## Task directions
Transcribe every entry exactly, leaving out any pictures.

Collection entries
........

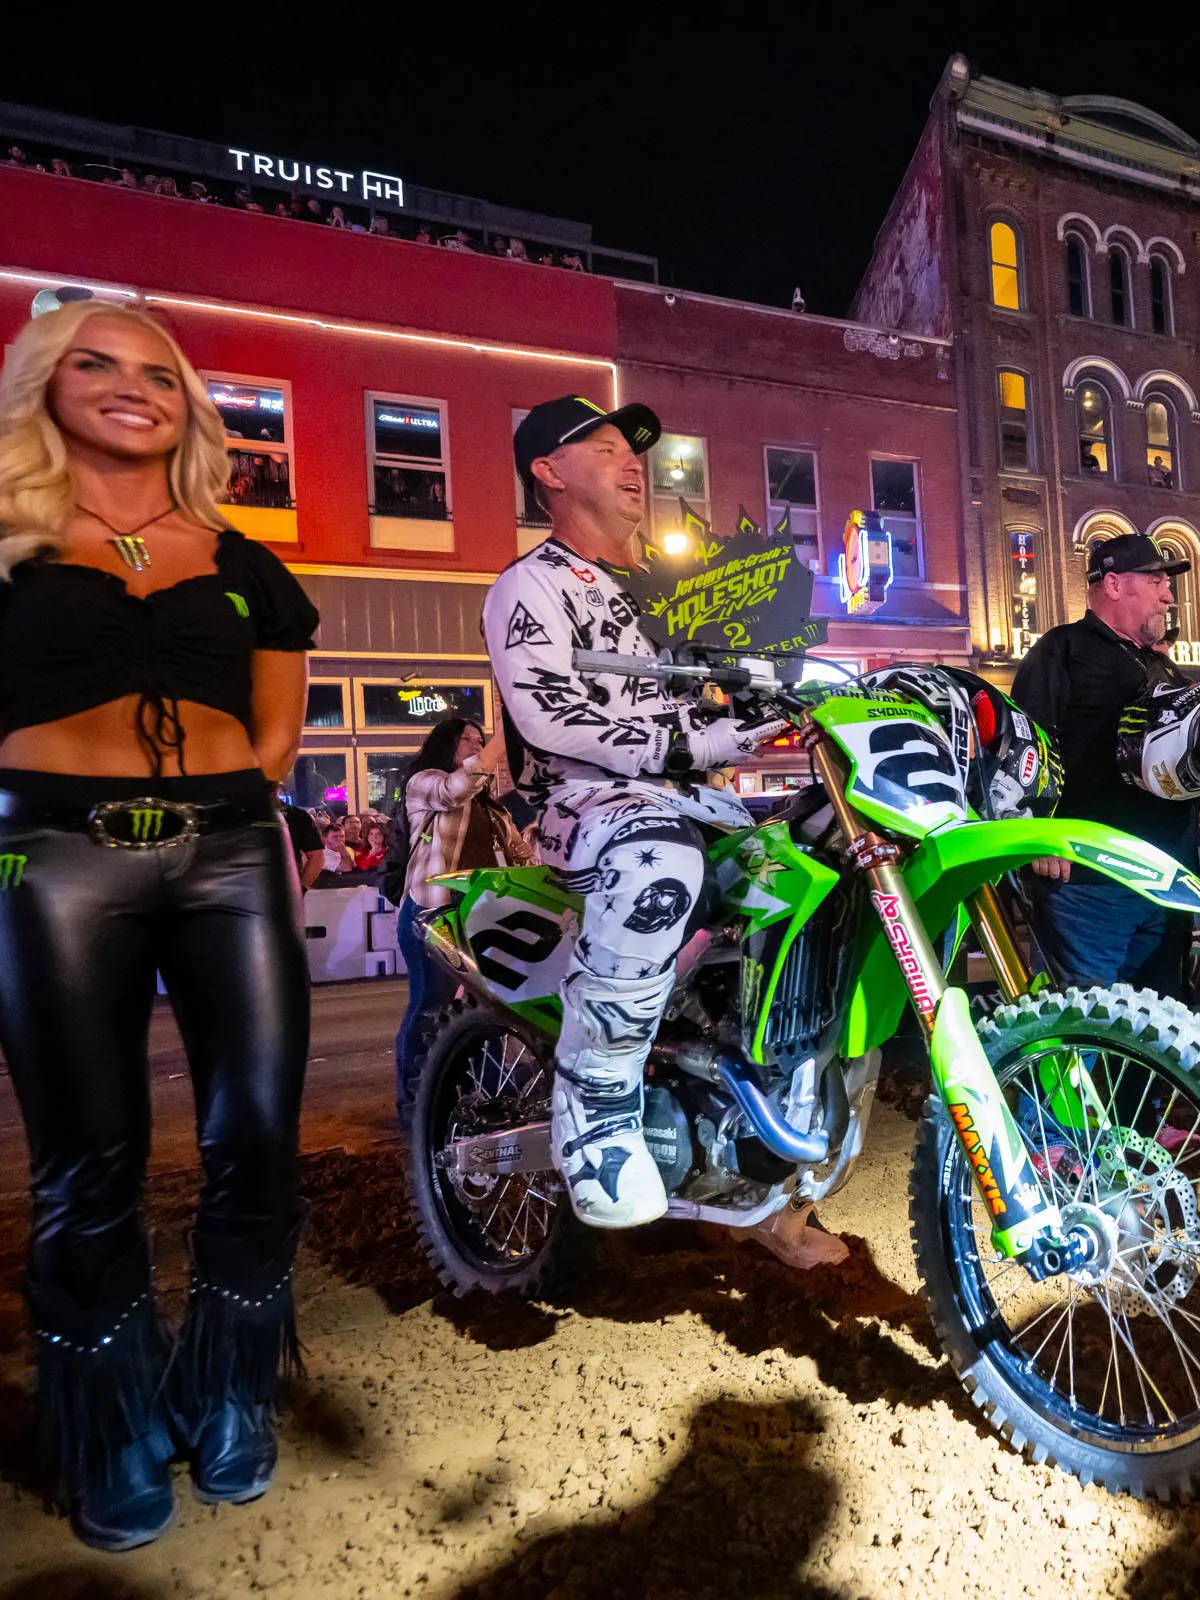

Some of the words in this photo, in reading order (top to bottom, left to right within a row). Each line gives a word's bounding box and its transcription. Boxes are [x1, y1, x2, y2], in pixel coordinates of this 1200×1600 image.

[229, 149, 354, 192] TRUIST
[411, 418, 438, 428] ULTRA
[667, 558, 792, 637] HOLESHOT
[670, 566, 724, 601] Jeremy
[867, 707, 928, 721] SHOWTIME
[652, 729, 663, 761] breathe
[869, 722, 965, 809] 2
[1023, 751, 1035, 779] BELL
[613, 819, 681, 841] CASH
[1096, 853, 1158, 880] Kawasaki
[469, 910, 563, 991] 2
[884, 922, 936, 1015] SHOWA
[948, 1102, 1007, 1217] MAXXIS
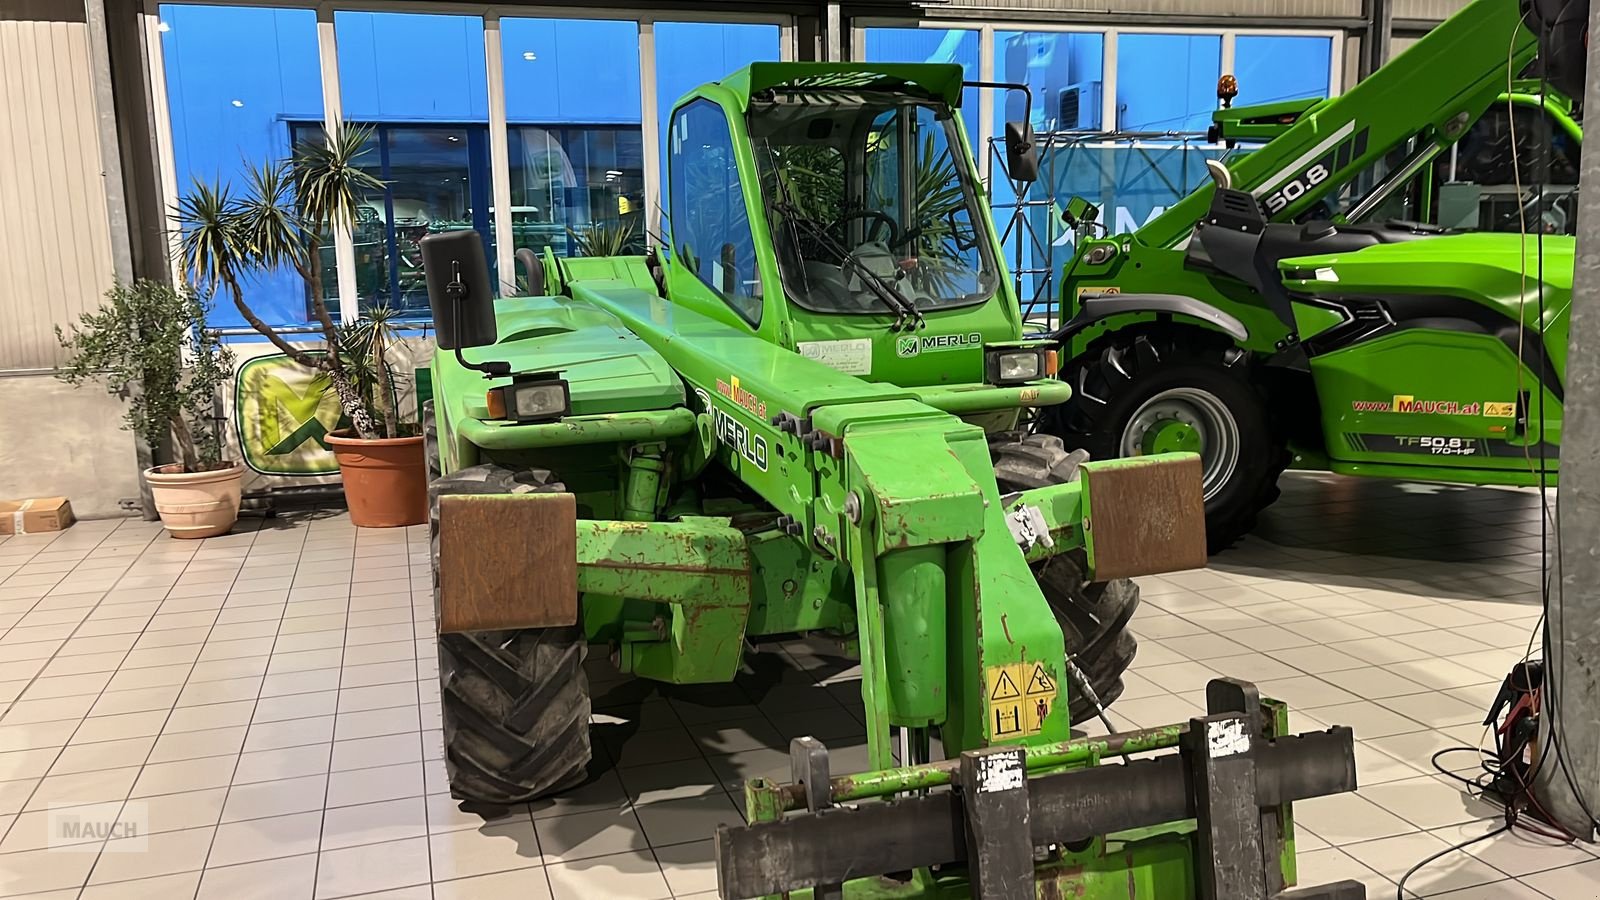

........

## Result of the task
Some of the words in this photo, in reading order (top to bottom, left to right within a row). Each line gives a word's bounding box and its transcription. Boxes are [x1, y1, x2, y2], in pixel coordinates of this 1200×1600 image.

[229, 149, 354, 192] TRUIST
[411, 418, 438, 428] ULTRA
[667, 558, 792, 637] HOLESHOT
[670, 566, 724, 601] Jeremy
[867, 707, 928, 721] SHOWTIME
[652, 729, 663, 761] breathe
[869, 722, 965, 809] 2
[1023, 751, 1035, 779] BELL
[613, 819, 681, 841] CASH
[1096, 853, 1158, 880] Kawasaki
[469, 910, 563, 991] 2
[884, 922, 936, 1015] SHOWA
[948, 1102, 1007, 1217] MAXXIS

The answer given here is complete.